Data listing
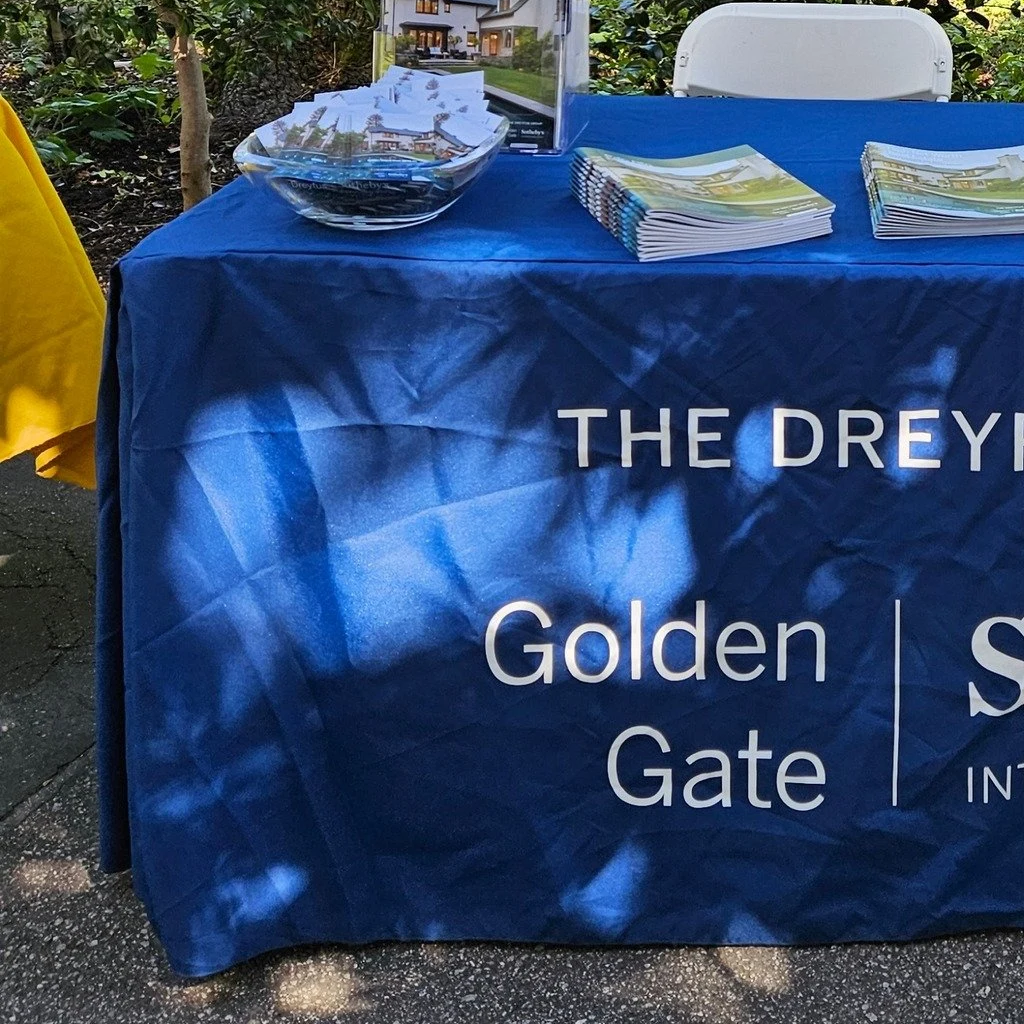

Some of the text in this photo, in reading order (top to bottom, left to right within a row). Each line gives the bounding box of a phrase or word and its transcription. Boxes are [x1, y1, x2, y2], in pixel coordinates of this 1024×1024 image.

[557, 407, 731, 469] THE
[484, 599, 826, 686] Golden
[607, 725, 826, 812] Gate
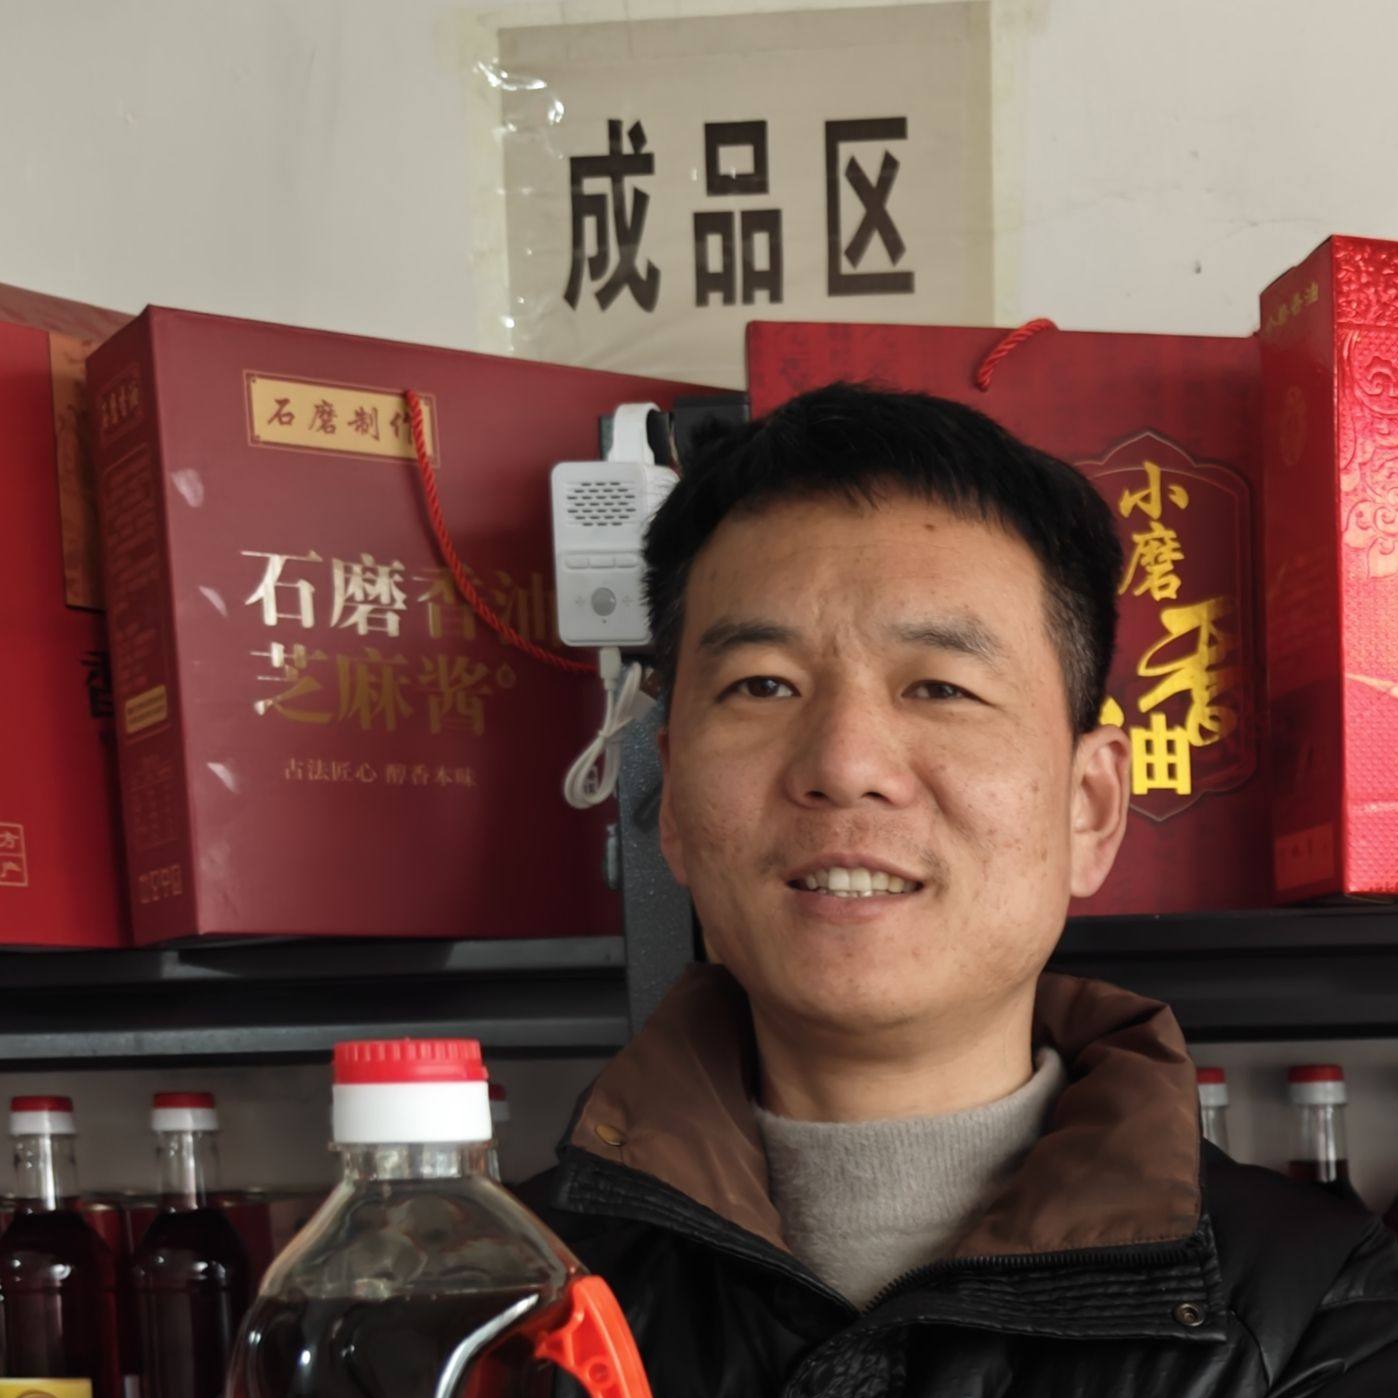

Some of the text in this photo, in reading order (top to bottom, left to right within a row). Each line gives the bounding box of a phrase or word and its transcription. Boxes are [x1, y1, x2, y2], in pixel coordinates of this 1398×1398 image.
---
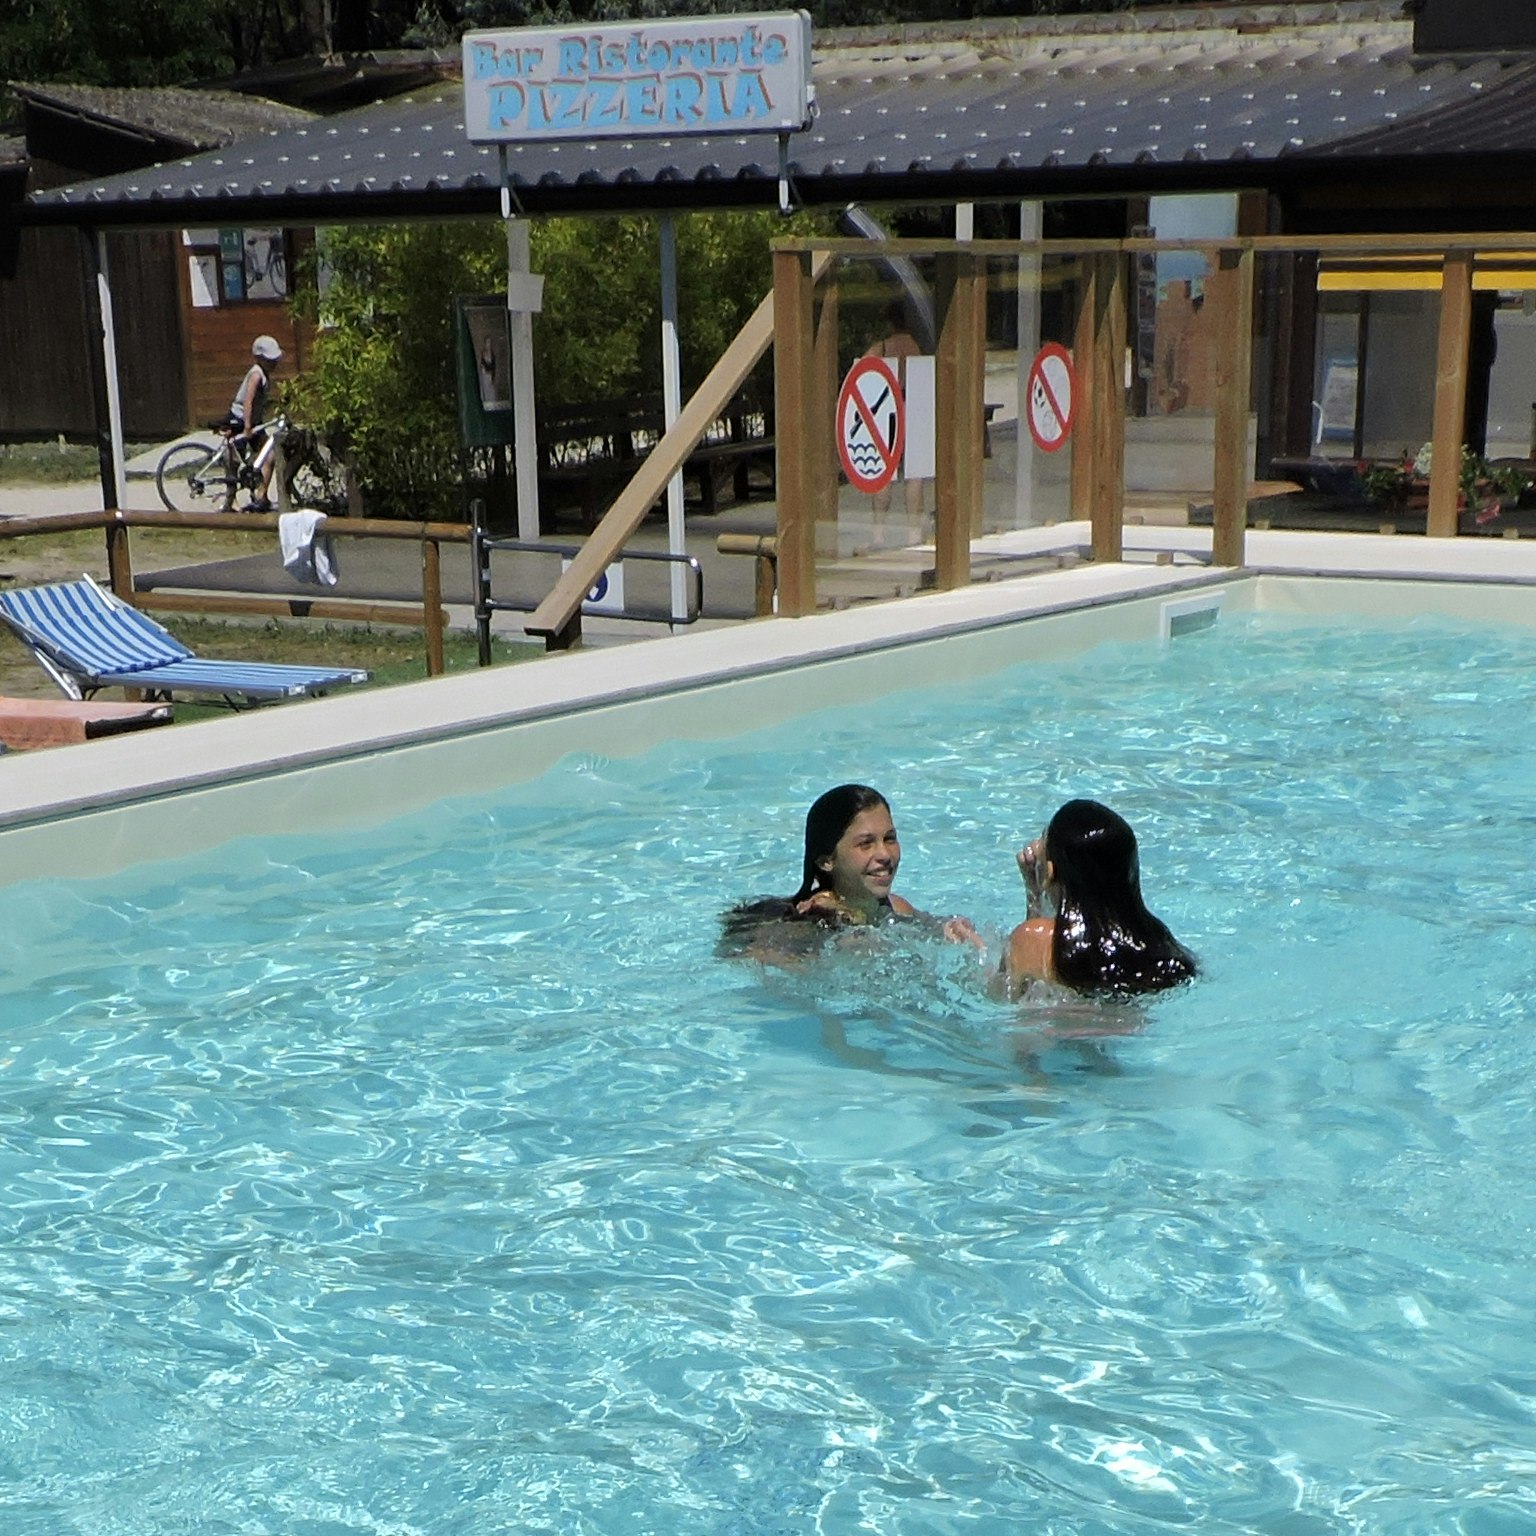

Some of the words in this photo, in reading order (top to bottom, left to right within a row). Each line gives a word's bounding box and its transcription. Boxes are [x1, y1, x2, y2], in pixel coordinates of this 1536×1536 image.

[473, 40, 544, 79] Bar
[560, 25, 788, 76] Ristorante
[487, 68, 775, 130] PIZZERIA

Task instructions
Nothing but the lines above, starting at the line that contains "this 1024×1024 image." and ending at the line that contains "this 1398×1398 image.", should be given again, exactly and without the pictures.

Exercise solution
Some of the text in this photo, in reading order (top to bottom, left to right within a row). Each line gives the bounding box of a phrase or word and its transcription. Boxes are [x1, y1, x2, y2], in pixel coordinates of this 1024×1024 image.

[557, 407, 731, 469] THE
[484, 599, 826, 686] Golden
[607, 725, 826, 812] Gate

Some of the text in this photo, in reading order (top to bottom, left to right within a row). Each line gives the bounding box of a phrase or word and its transcription. Boxes are [x1, y1, x2, y2], in pixel coordinates of this 1398×1398 image.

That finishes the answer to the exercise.